Поначалу, проезжая на обратном пути мимо эльзасских деревень, я не решался подыскать ресторанчик, чтобы пообедать. Причиной нерешительности были не столько реальные переживания, сколько мысль о том, какие переживания и какое поведение должны приличествовать состоянию человека, только что посетившего концлагерь. Поняв это, я пожал плечами и остановился в деревушке на склоне Вогез у ресторана «Au Petit Garcon» — «У Малыша». От моего столика открывался вид на равнину. «Малыш» — так называла меня когда-то Ханна.

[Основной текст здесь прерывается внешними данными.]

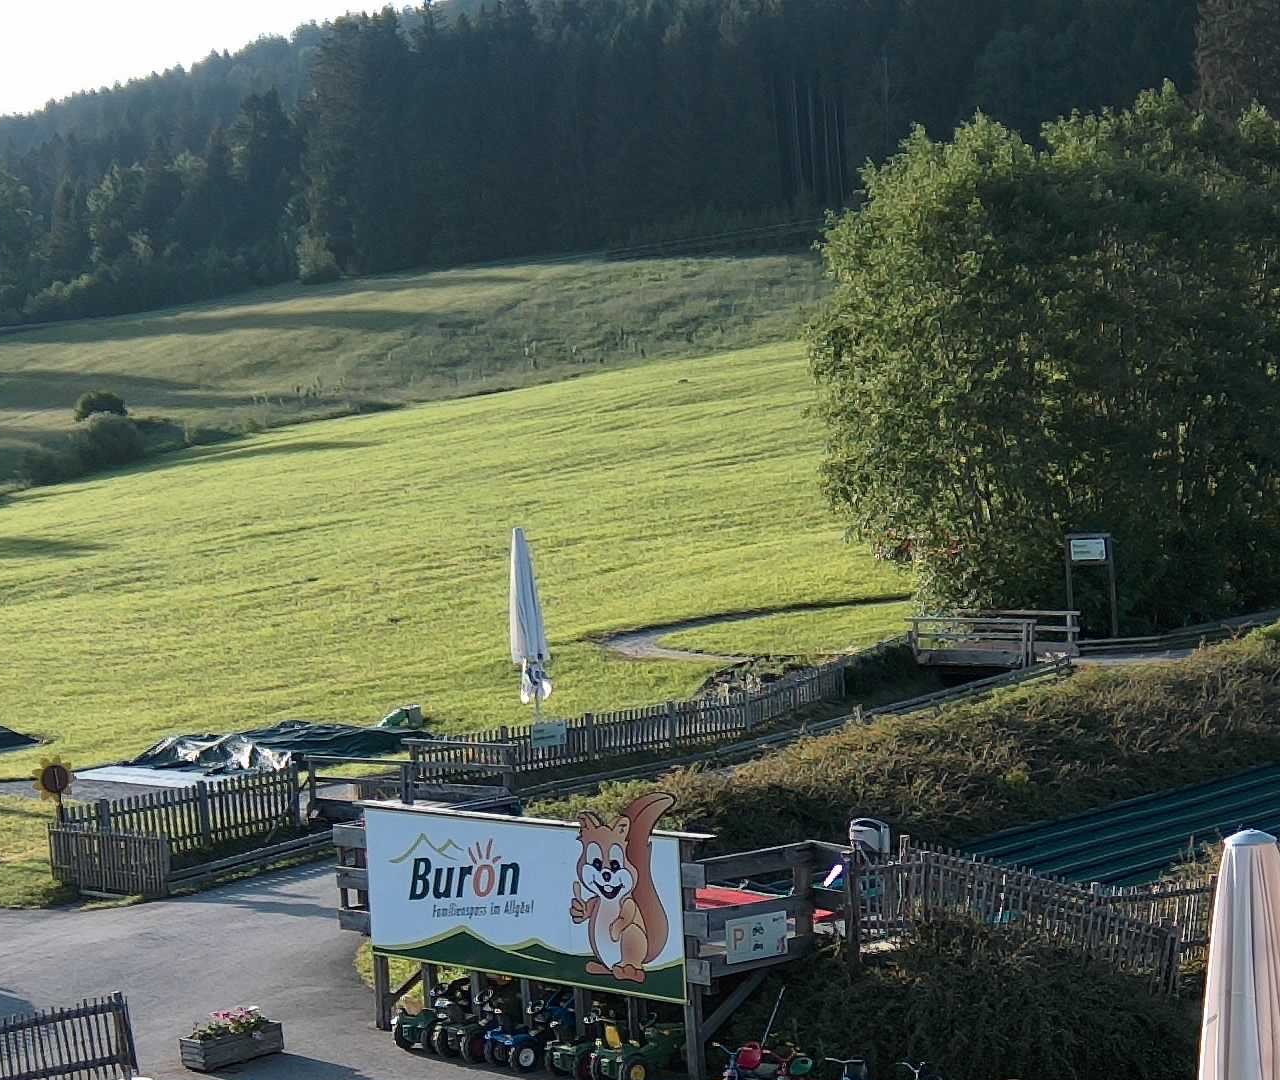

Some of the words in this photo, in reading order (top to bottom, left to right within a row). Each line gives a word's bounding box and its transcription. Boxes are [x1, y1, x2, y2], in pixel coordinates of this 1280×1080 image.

Во время первой поездки я бродил по концлагерю до самого закрытия мемориального комплекса. Потом я присел у памятника, который стоит над лагерем и как бы глядит на него. Я ощущал внутреннюю пустоту, будто искал чего-то не там, за оградой, а в себе самом, чтобы в конце концов убедиться, что внутри пусто.
Затем стемнело. Пришлось ждать целый час, пока меня не подобрал грузовичок с открытым кузовом, который довез меня до ближайшей деревни. В этот день на попутку рассчитывать не приходилось, поэтому я снял дешевый номер в доме для приезжих, где и поужинал, получив худосочный бифштекс с жареной картошкой и горошком.